Reproduce each record verbatim, images excluded.

--- Entries shown Enclosed Below ---

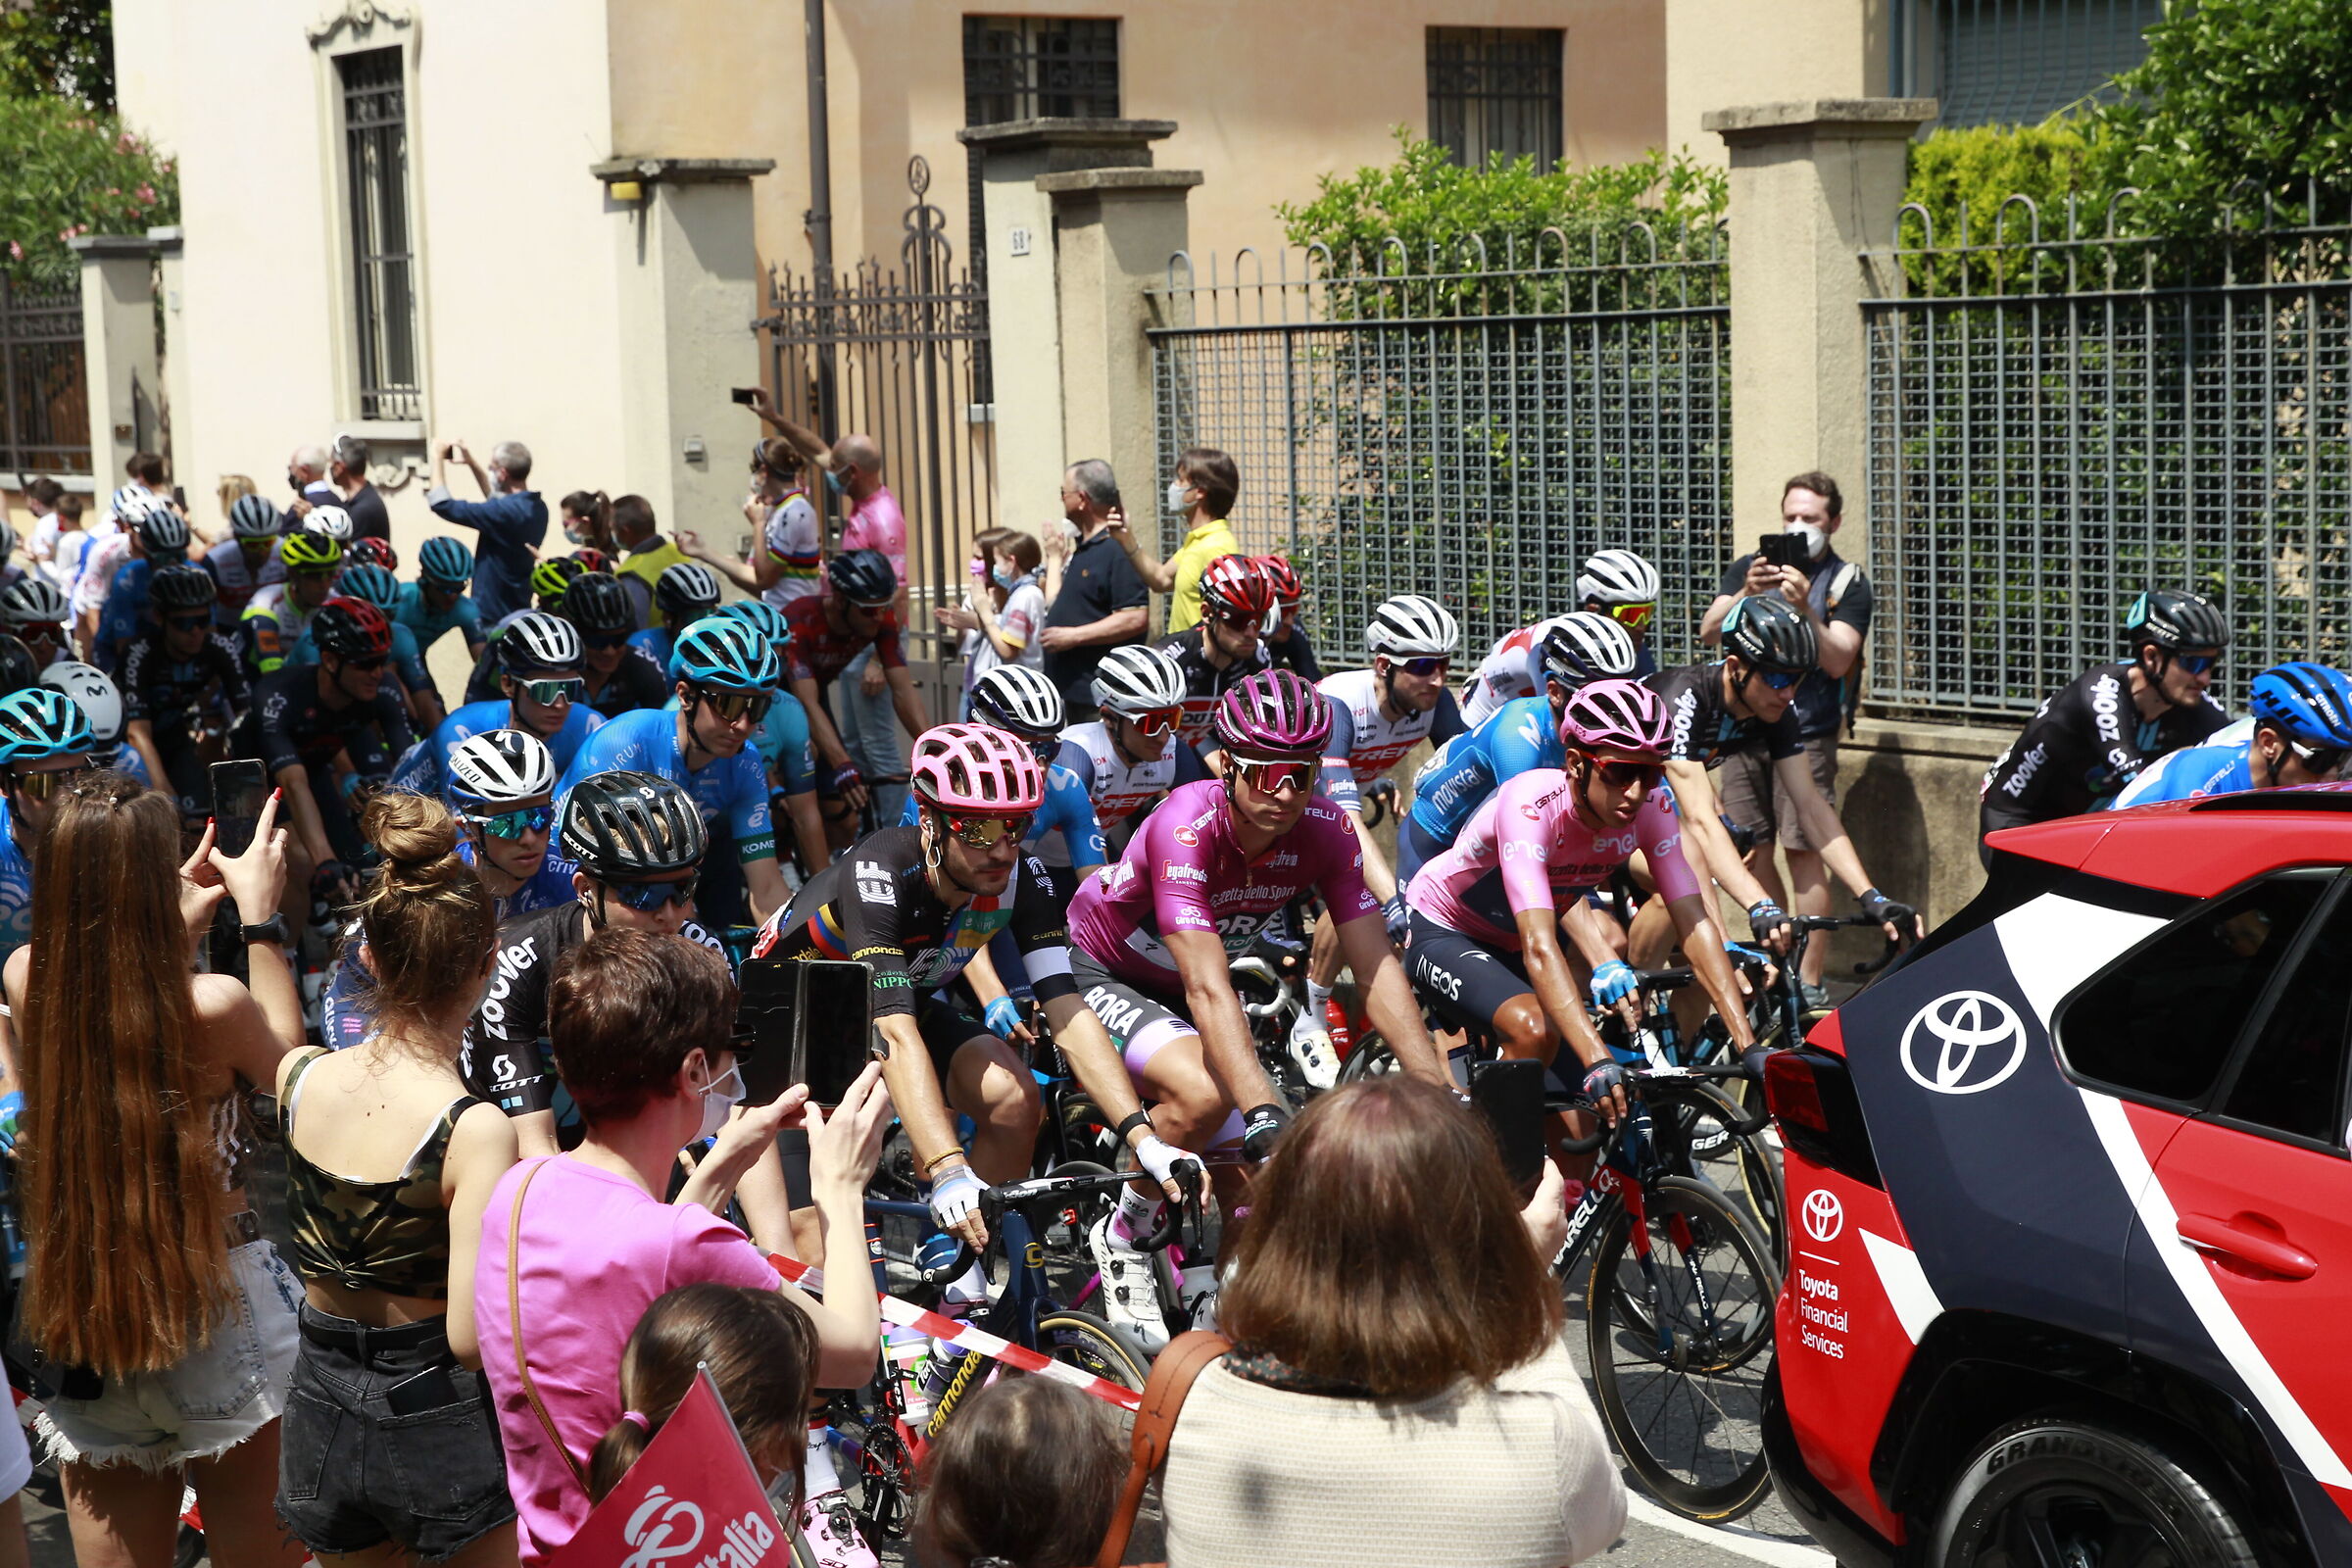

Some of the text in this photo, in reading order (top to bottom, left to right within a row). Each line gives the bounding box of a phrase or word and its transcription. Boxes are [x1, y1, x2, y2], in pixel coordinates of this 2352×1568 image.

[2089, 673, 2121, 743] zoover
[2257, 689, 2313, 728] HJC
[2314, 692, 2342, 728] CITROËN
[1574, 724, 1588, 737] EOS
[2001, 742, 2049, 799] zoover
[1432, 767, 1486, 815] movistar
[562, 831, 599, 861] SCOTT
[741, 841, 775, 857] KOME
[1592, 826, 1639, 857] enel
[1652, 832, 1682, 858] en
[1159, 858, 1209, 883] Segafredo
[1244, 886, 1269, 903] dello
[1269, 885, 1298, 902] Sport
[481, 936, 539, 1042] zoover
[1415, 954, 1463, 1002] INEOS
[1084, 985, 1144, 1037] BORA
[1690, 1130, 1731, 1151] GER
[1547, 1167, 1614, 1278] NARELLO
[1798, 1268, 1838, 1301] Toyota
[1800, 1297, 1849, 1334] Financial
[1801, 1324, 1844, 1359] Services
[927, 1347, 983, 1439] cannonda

--- End of Enclosed Entries shown ---

■ Solution below
Some of the text in this photo, in reading order (top to bottom, left to right within a row). Each line gives the bounding box of a phrase or word and its transcription. Boxes are [x1, y1, x2, y2], in pixel coordinates of this 2352×1568 image.

[2089, 673, 2121, 743] zoover
[2257, 689, 2313, 728] HJC
[2314, 692, 2342, 728] CITROËN
[1574, 724, 1588, 737] EOS
[2001, 742, 2049, 799] zoover
[1432, 767, 1486, 815] movistar
[562, 831, 599, 861] SCOTT
[741, 841, 775, 857] KOME
[1592, 826, 1639, 857] enel
[1652, 832, 1682, 858] en
[1159, 858, 1209, 883] Segafredo
[1244, 886, 1269, 903] dello
[1269, 885, 1298, 902] Sport
[481, 936, 539, 1042] zoover
[1415, 954, 1463, 1002] INEOS
[1084, 985, 1144, 1037] BORA
[1690, 1130, 1731, 1151] GER
[1547, 1167, 1614, 1278] NARELLO
[1798, 1268, 1838, 1301] Toyota
[1800, 1297, 1849, 1334] Financial
[1801, 1324, 1844, 1359] Services
[927, 1347, 983, 1439] cannonda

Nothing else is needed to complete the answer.